Next week’s big Balthayock birthday party will celebrate a Charolais breed milestone and half a century of renowned pedigree stockmanship in the Sidlaws.
A prime Charolais heifer is quietly maturing at the butcher, three lambs will be cooked Argentinian-style over an open fire and 300 invited guests will enjoy a post-lunch tractor-trailer tour of the Perthshire farm’s 1,500 acres.
Major David Walter’s “wonderful adventure” with Charolais cattle began 50 years ago, yet despite his undoubted success with the breed, he says he is still “just half way there” in his quest for the ultimate herd.
Sitting behind his desk in an office festooned with portraits of championship bulls, he talks warmly about 50 years of fun and getting the jigsaw pieces in the right places but adds: “Breeding cattle is a very slow process and you can’t do everything you’d like to do in one lifetime.”
The herd’s prices and honours are too many to mention – although winning the Royal Highland Show’s individual interbreed award last month was undoubtedly a day to remember – yet ask Maj Walter about the highs of the last 50 years and the response is modest.
“You can win a championship and sell a bull for a lot of money sometimes but that’s a moment of pleasure and satisfaction,” he says.
“The real achievement is getting the support from people who’ve bought our bulls and trusted us, and who can be sure what’s on the label is what they get. Perhaps that’s the lasting and satisfactory achievement, to find enthusiasm and belief in what we’re doing and build up a reputation for integrity.”
It all began when the old MacDonald Fraser mart in Perth put in a weighbridge for livestock.
“Instead of animals being sold on their nice big fluffy ears and being well presented, they were weighed, so I realised we had to be prepared and produce better cattle,” recalled Maj Walter.
“Charolais were just starting to come in, but I was working in London at the time so I had to sell the idea to my old friend and farm grieve, Hector Campbell – who responded by saying the day a Charolais walked on to the farm was the day he walked off. I had a bit of selling to do.”
They inseminated 20 commercial cows with Charolais genetics that year but 18 had Aberdeen-Angus calves because the bull was turned out a bit early. Nevertheless, when it came to the calf sale in Perth, an Angus made the top price, and the two Charolais crosses were next.
“That got Hector on board,” said Maj Walter.
They went together to the Royal Show that year and Hector chose a six-month-old calf, still at his mother’s side, as the herd’s foundation bull. It cost the Major 5,700gn, an astronomical price when his “good year in the city” bought him an Aston Martin for 4,600gn.
He said: “We felt like pioneers as it was the first Continental breed to come in to the UK. I was sold on them from the very beginning as they’re just really good cattle with terrific live weight gain.”
Maj Walter quickly adopted performance recording which was, he says, a “massive tool for the improvement of the genetic value of cattle”.
“We have been using the highest-rated bulls on the cows with the weakest figures to try to bring the whole herd up,” he said.
“All the information is used in conjunction with other Charolais cattle with the same parentage, so there’s an immense network.
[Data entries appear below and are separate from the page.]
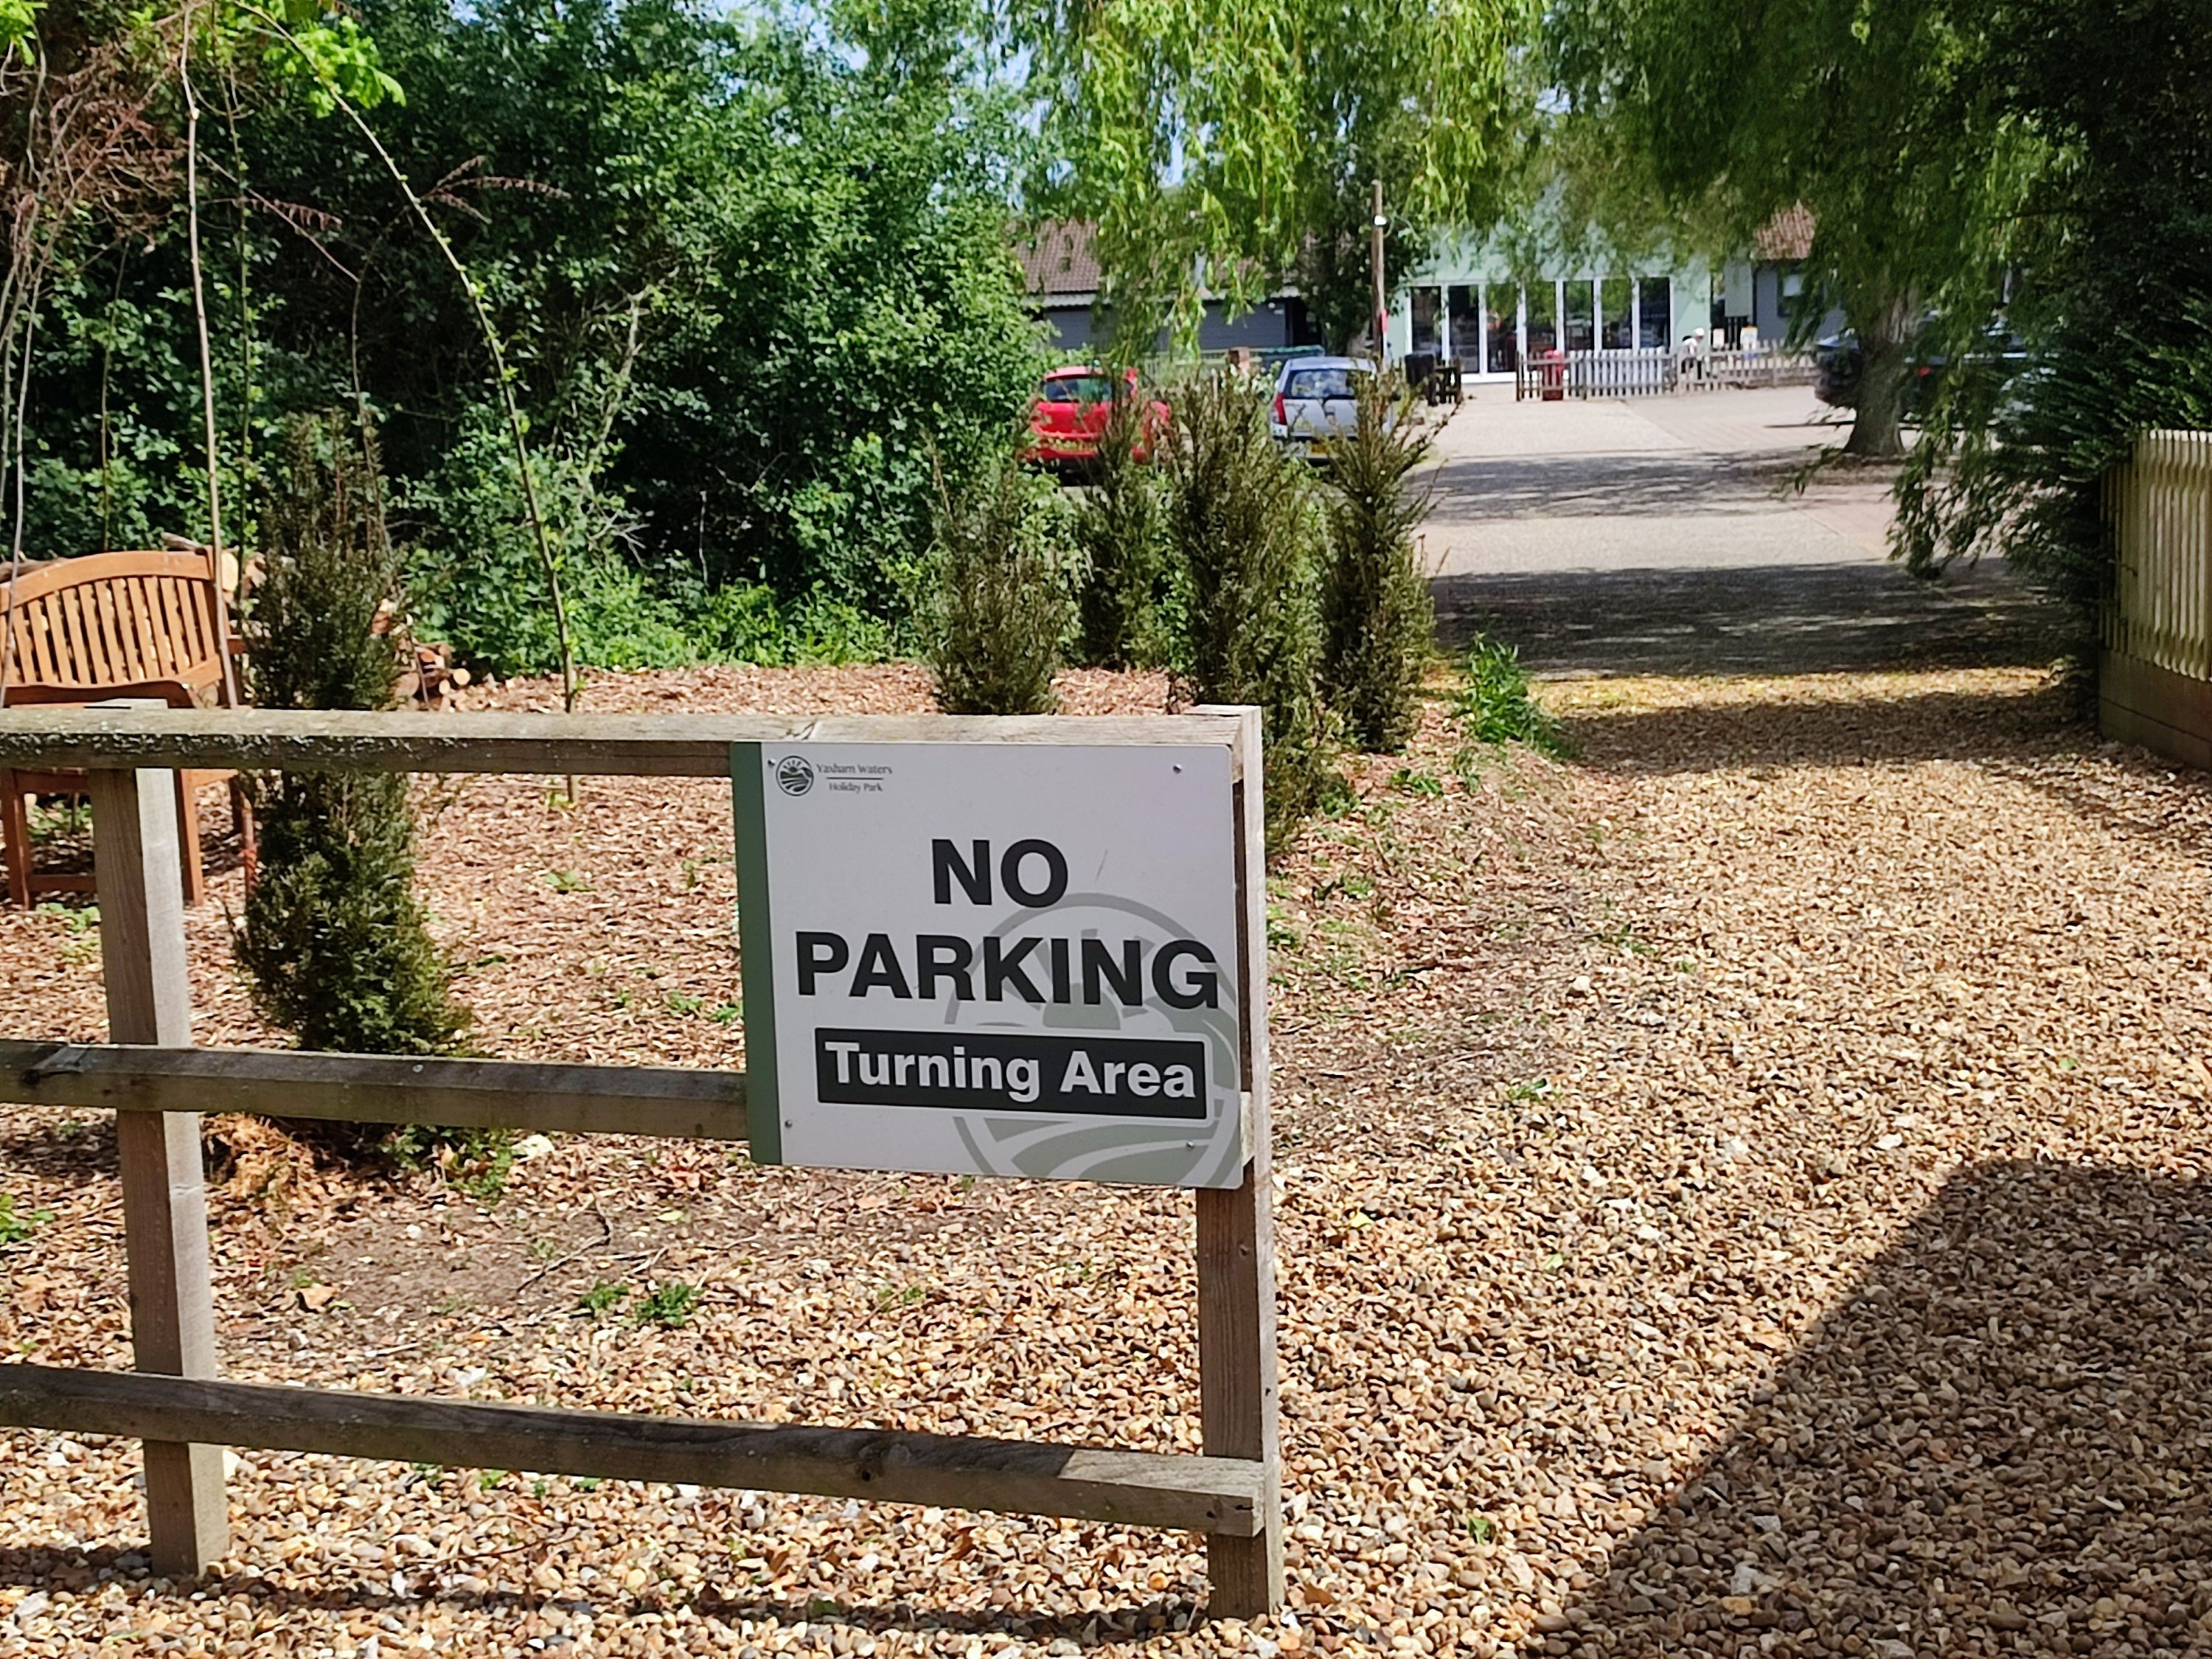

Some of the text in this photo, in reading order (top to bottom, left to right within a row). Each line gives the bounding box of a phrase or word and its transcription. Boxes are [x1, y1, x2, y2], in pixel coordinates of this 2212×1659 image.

[829, 782, 883, 793] Holiday Park
[858, 764, 893, 774] Waters
[931, 838, 1068, 908] NO
[795, 931, 1220, 1009] PARKING
[824, 1040, 1196, 1102] Turning Area
We are meticulous with figures but the penalty is that our birthweights are 3-4kg heavier than the national average because we put in exactly what they are.
“Commercial buyers are way ahead of pedigree breeders in adopting breed plans because pedigree breeders maybe put looks ahead of genetics by instinct, but the commercial buyer recognises a dead calf is a disaster so easy calving is needed – yet not without losing performance. My preferred breed for heifers is now a Charolais because I know how to select a bull that is safe.”
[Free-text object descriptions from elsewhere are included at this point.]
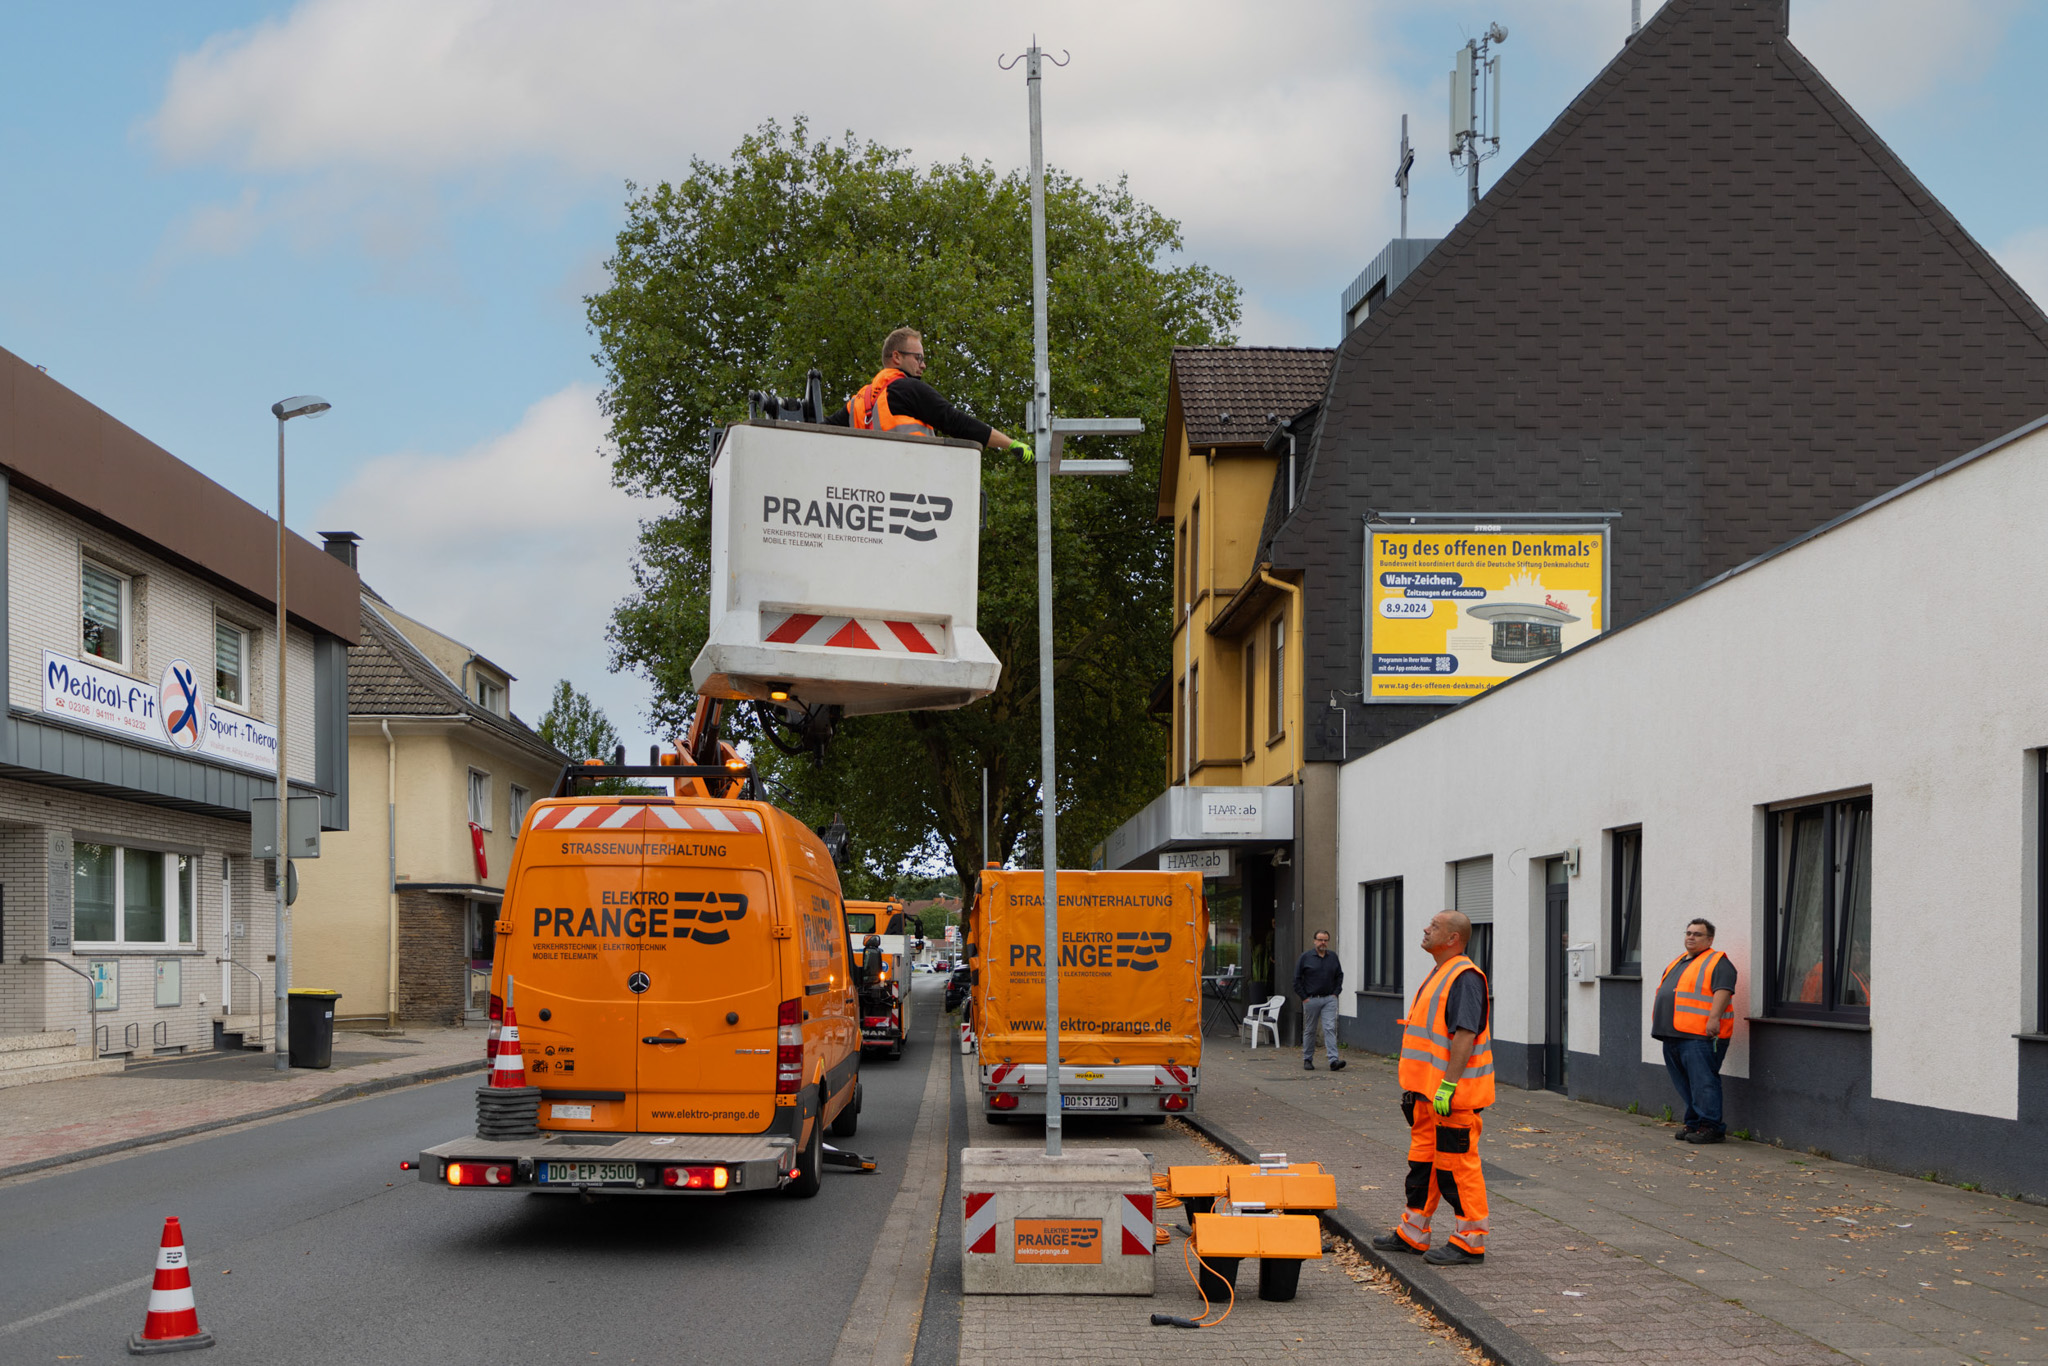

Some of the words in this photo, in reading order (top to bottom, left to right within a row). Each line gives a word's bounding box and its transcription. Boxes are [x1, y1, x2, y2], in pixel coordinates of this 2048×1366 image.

[826, 486, 885, 503] ELEKTRO
[763, 496, 884, 533] PRANGE
[762, 528, 823, 540] VERKEHRSTECHNIK
[827, 534, 884, 545] ELEKTROTECHNIK
[762, 537, 787, 546] MOBILE
[789, 539, 823, 548] TELEMATIK
[1380, 540, 1408, 559] Tag
[1413, 540, 1440, 556] des
[1444, 540, 1506, 556] offenen
[1517, 561, 1542, 569] Stiftung
[1386, 574, 1456, 585] Wahr-Zeichen.
[1406, 589, 1440, 598] Zeitzeugen
[1452, 589, 1484, 597] Geschichte
[1386, 603, 1427, 613] 8.9.2024
[1396, 665, 1405, 673] App
[48, 661, 155, 718] Medical-Fit
[68, 701, 90, 715] 02306
[124, 716, 146, 730] 943232
[209, 712, 238, 739] Sport
[55, 840, 64, 853] 63
[561, 843, 727, 857] STRASSENUNTERHALTUNG
[602, 891, 669, 905] ELEKTRO
[1009, 895, 1173, 907] STRAENUNTERHALTUNG
[534, 908, 668, 938] PRANGE
[1062, 932, 1113, 943] ELEKTRO
[533, 943, 597, 951] VERKEHRSTECHNIK
[603, 943, 667, 951] ELEKTROTECHNIK
[532, 952, 558, 960] MOBILE
[560, 952, 598, 960] TELEMATIK
[1009, 944, 1113, 967] PRNGE
[1009, 1017, 1172, 1034] www.ektro-prange.de
[1065, 1096, 1076, 1106] DO
[1082, 1096, 1094, 1106] ST
[1095, 1096, 1117, 1106] 1230
[651, 1109, 760, 1121] www.elektro-prange.de
[549, 1164, 567, 1180] DO
[578, 1164, 596, 1180] EP
[600, 1164, 635, 1180] 3500
[1018, 1234, 1069, 1246] PRANGE
[1018, 1248, 1069, 1256] elektro-prange.de
Invariably Maj Walter gives credit for the herd’s successes to the stocksmen and women who look after them. Firstly Hector Campbell and now Tracey and Davy Nicoll who are as dedicated to the animals as their employer.
He attributes most gratitude, however, to George Barton, the SAC adviser who taught him to farm and remains a great friend. They will all join him in celebrating 50 years of “fun, excitement and modest achievement”.